Defender
"You'll pretend you were men instead of babies, and you'll be played in the movies by Frank Sinatra and John Wayne or some of those other glamorous, war-loving, dirty old men. And war will just look wonderful, so we'll have a lot more of them. And they'll be fought by babies like the babies upstairs." -Slaughter-House-Five. Kurt Vonnegut.
Asim still remembers hearing news about the first shot.

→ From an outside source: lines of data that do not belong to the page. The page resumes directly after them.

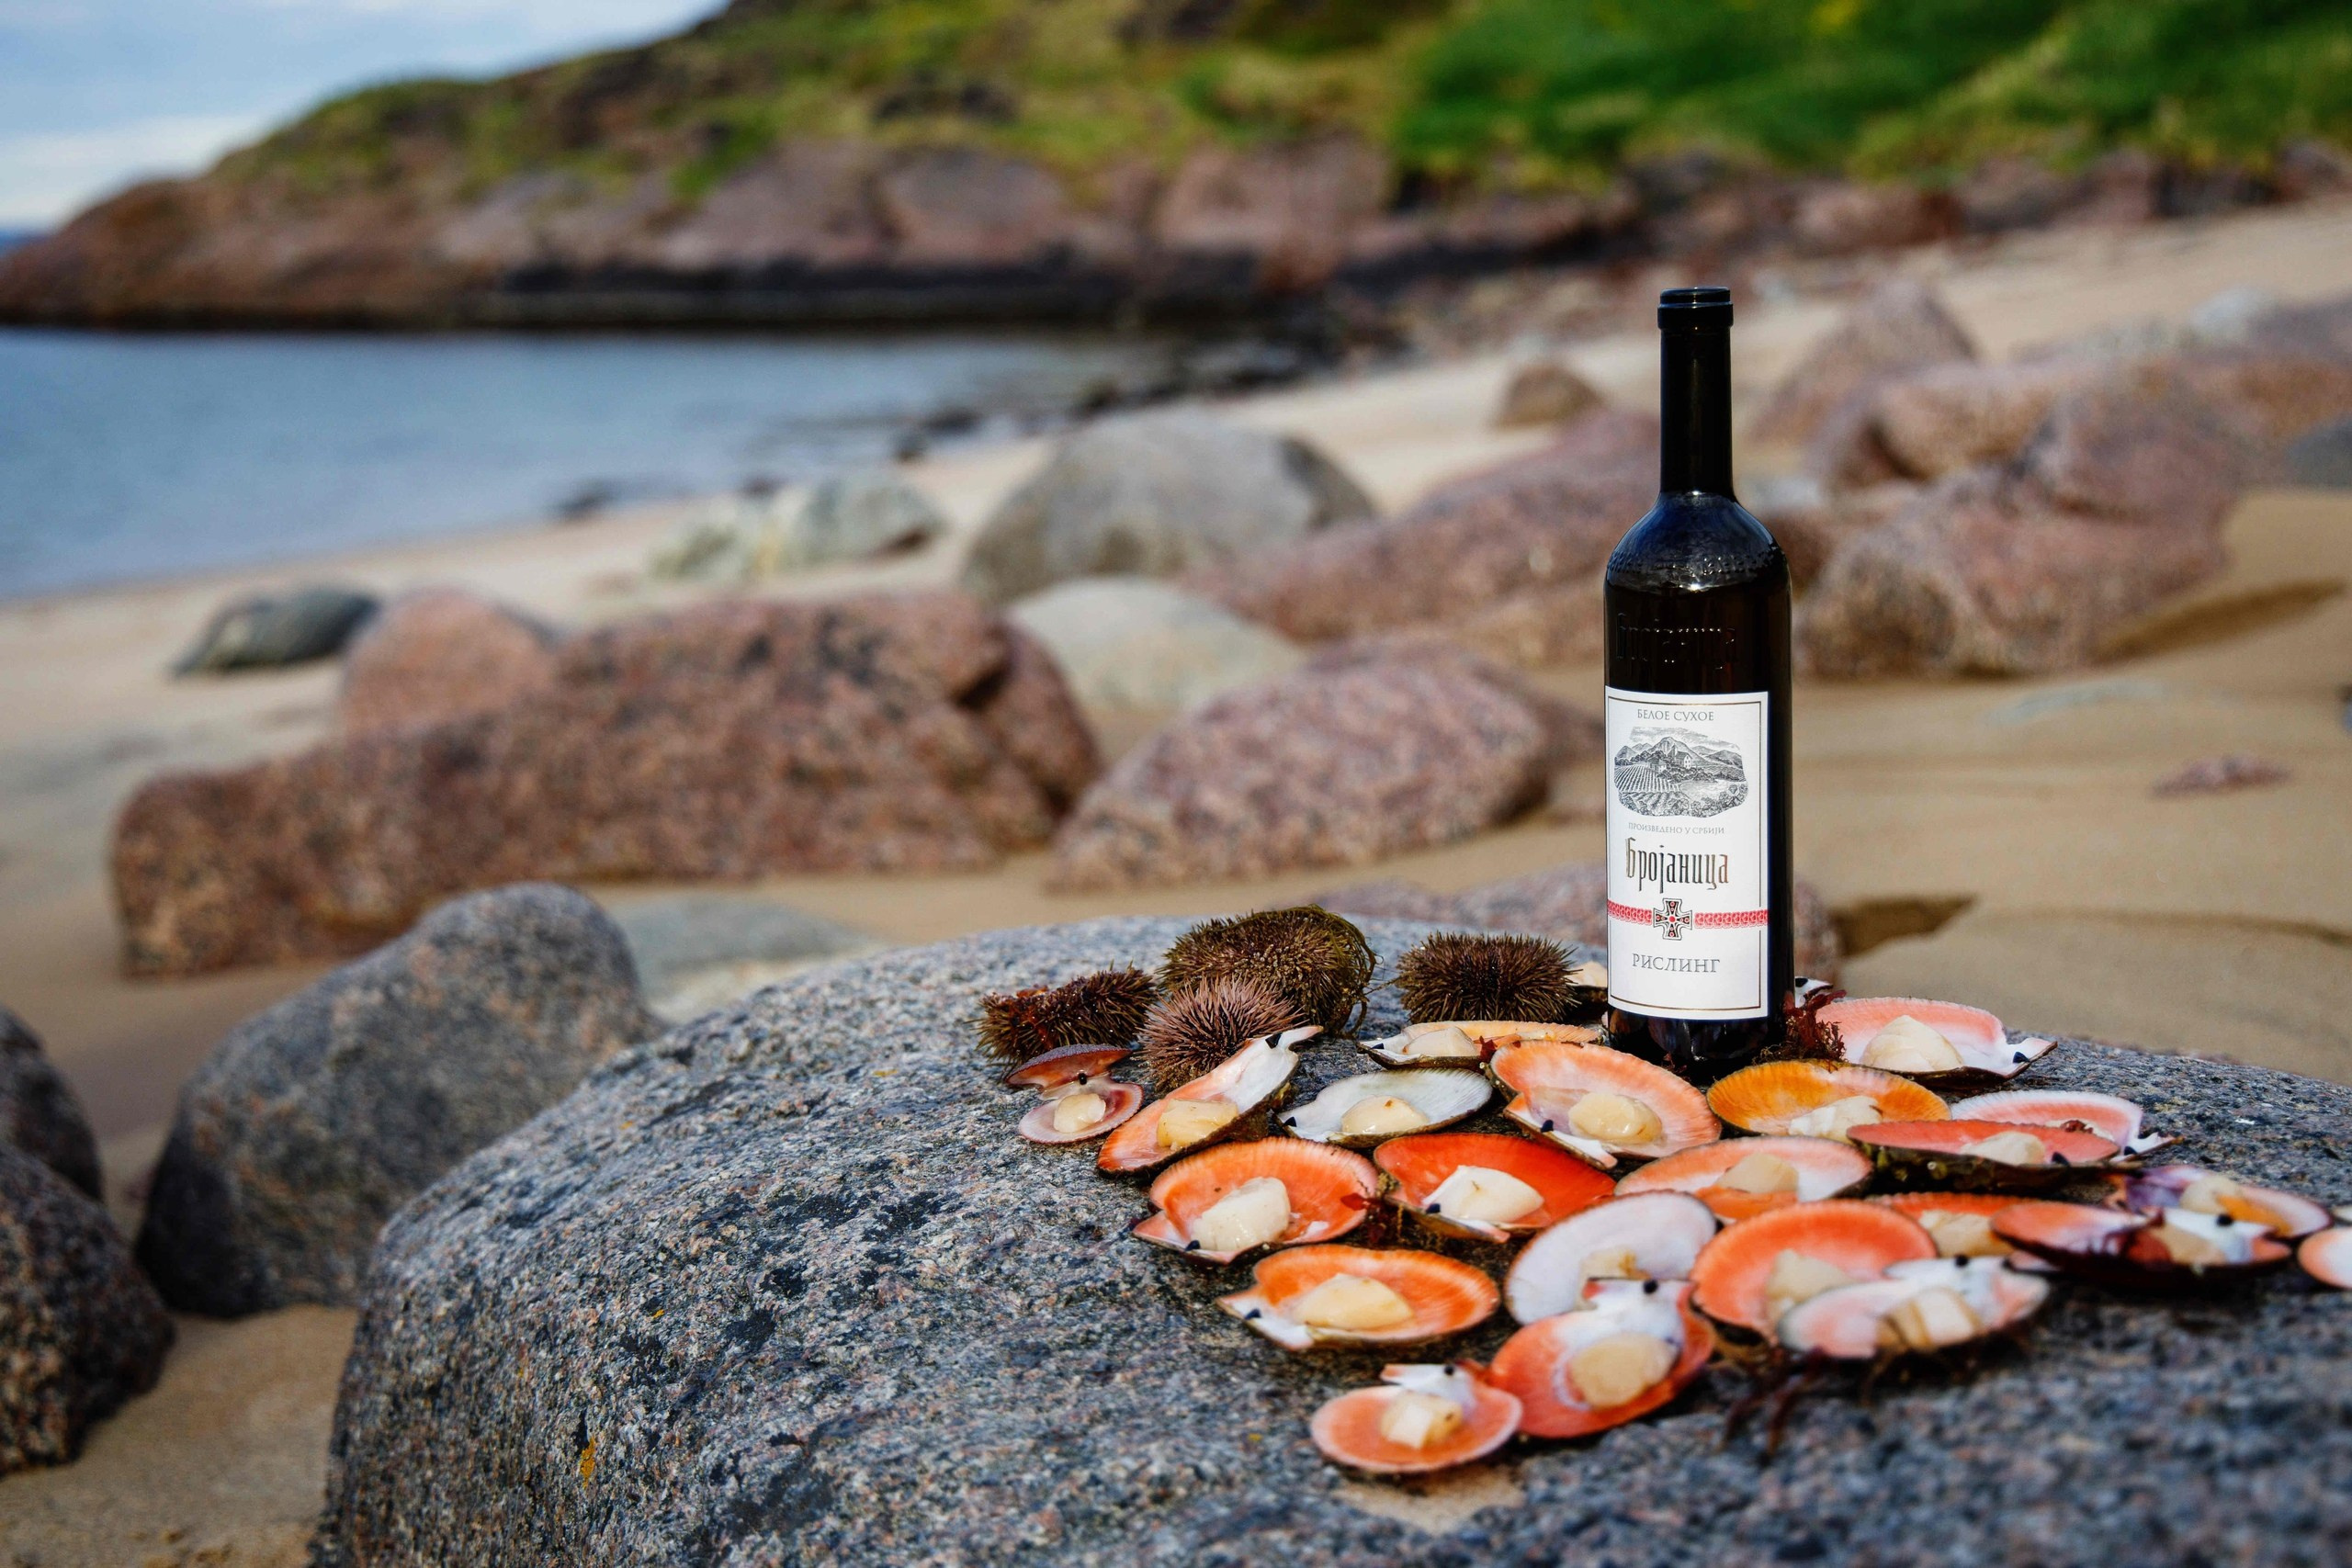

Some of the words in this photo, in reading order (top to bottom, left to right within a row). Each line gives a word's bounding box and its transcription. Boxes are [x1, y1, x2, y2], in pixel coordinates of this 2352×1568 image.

[1637, 709, 1670, 721] БЕЛОЕ
[1674, 711, 1714, 721] СУХОЕ
[1628, 822, 1683, 834] ПРОИЗВЕДЕНО
[1685, 827, 1690, 835] У
[1692, 827, 1724, 835] СРБИЈИ
[1632, 953, 1721, 973] РИСЛИНГ
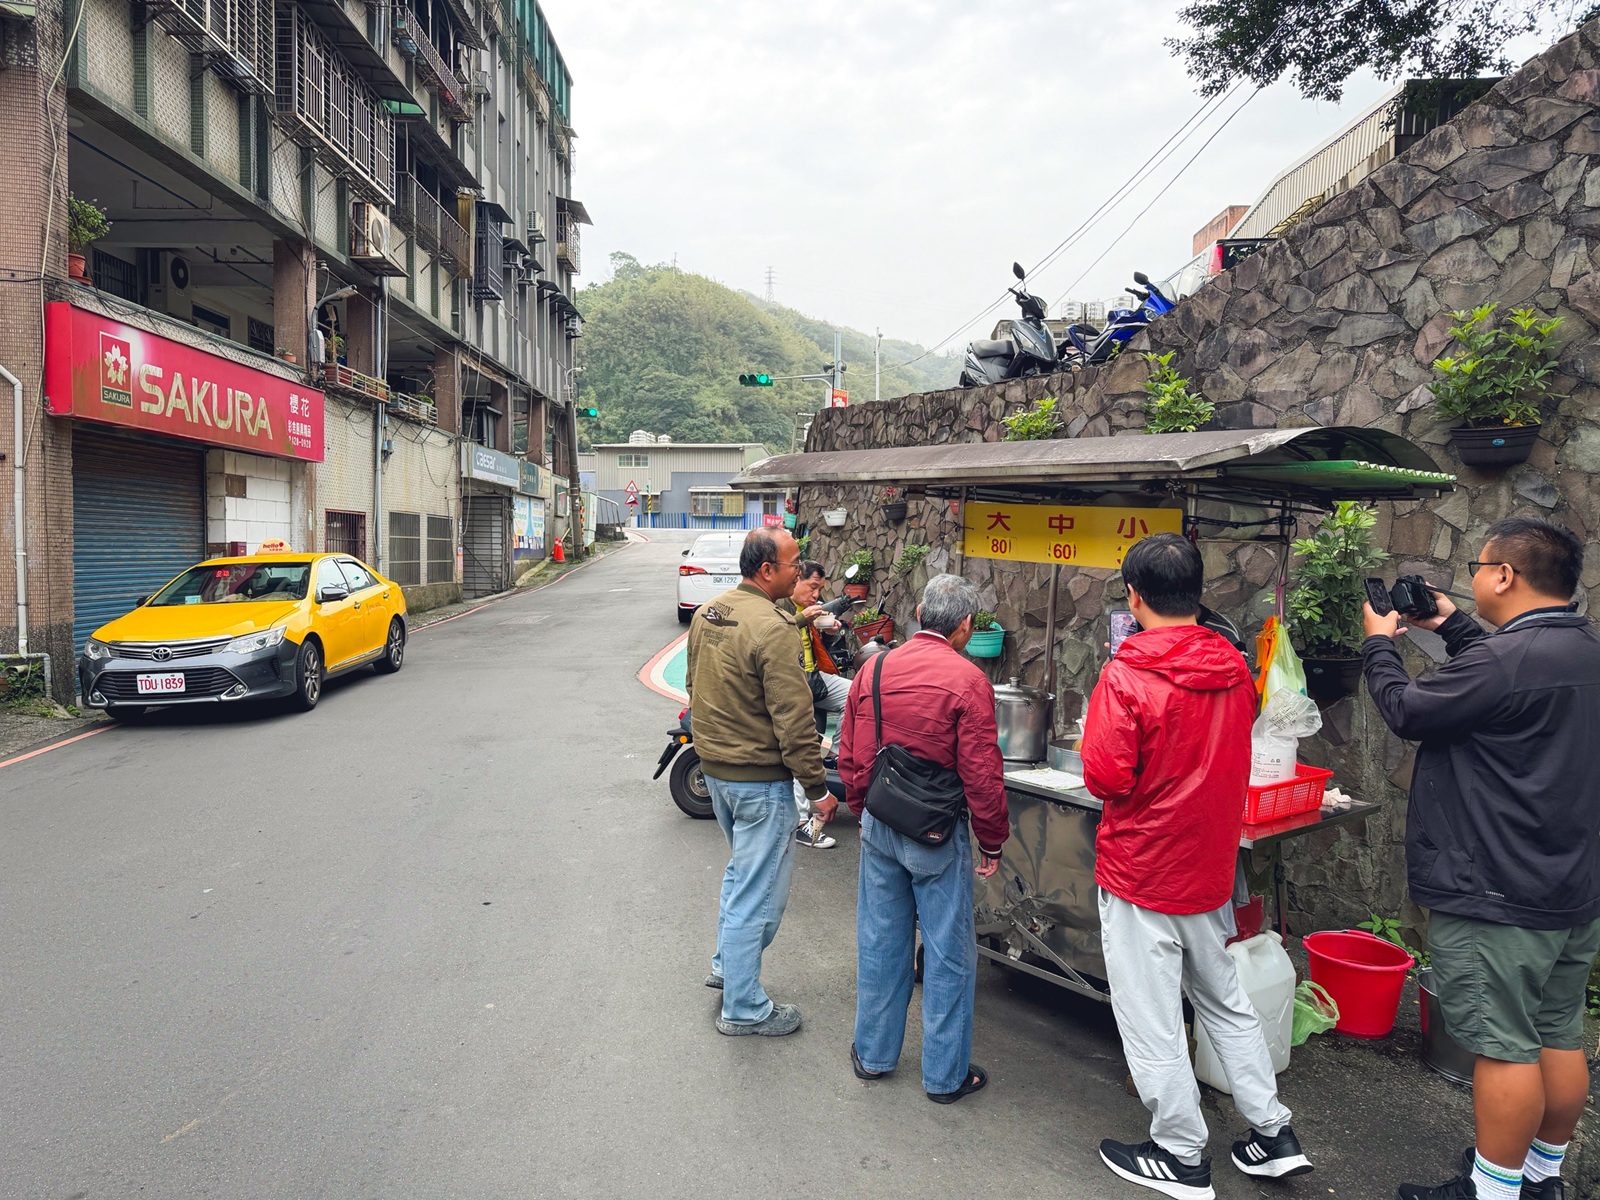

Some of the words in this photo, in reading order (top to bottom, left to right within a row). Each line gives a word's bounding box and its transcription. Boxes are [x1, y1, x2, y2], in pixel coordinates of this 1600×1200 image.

[103, 390, 131, 404] SAKURA
[139, 363, 273, 440] SAKURA
[289, 393, 310, 418] 櫻花
[987, 511, 1011, 531] 大
[1048, 514, 1075, 535] 中
[1116, 517, 1149, 539] 小

He holds on to the importance of it all. How it wasn't his people who wanted war. How it wasn't his people who started it. It was those men - the ones with gunpowder in their veins and perverse unclean hands that trifle with the unnatural. It was those devils with their angry eyes and sullen looks that promise death is coming, it's here it's here. It was that Amestrian soldier who took the life of his sister - a young Ishvalan girl, and Asim will not let himself forget the way fear flickered across his grandmother's face when their village was told. His people have done no wrong. They don't deserve to be attacked by anyone, least of all lowly Amestrian dogs.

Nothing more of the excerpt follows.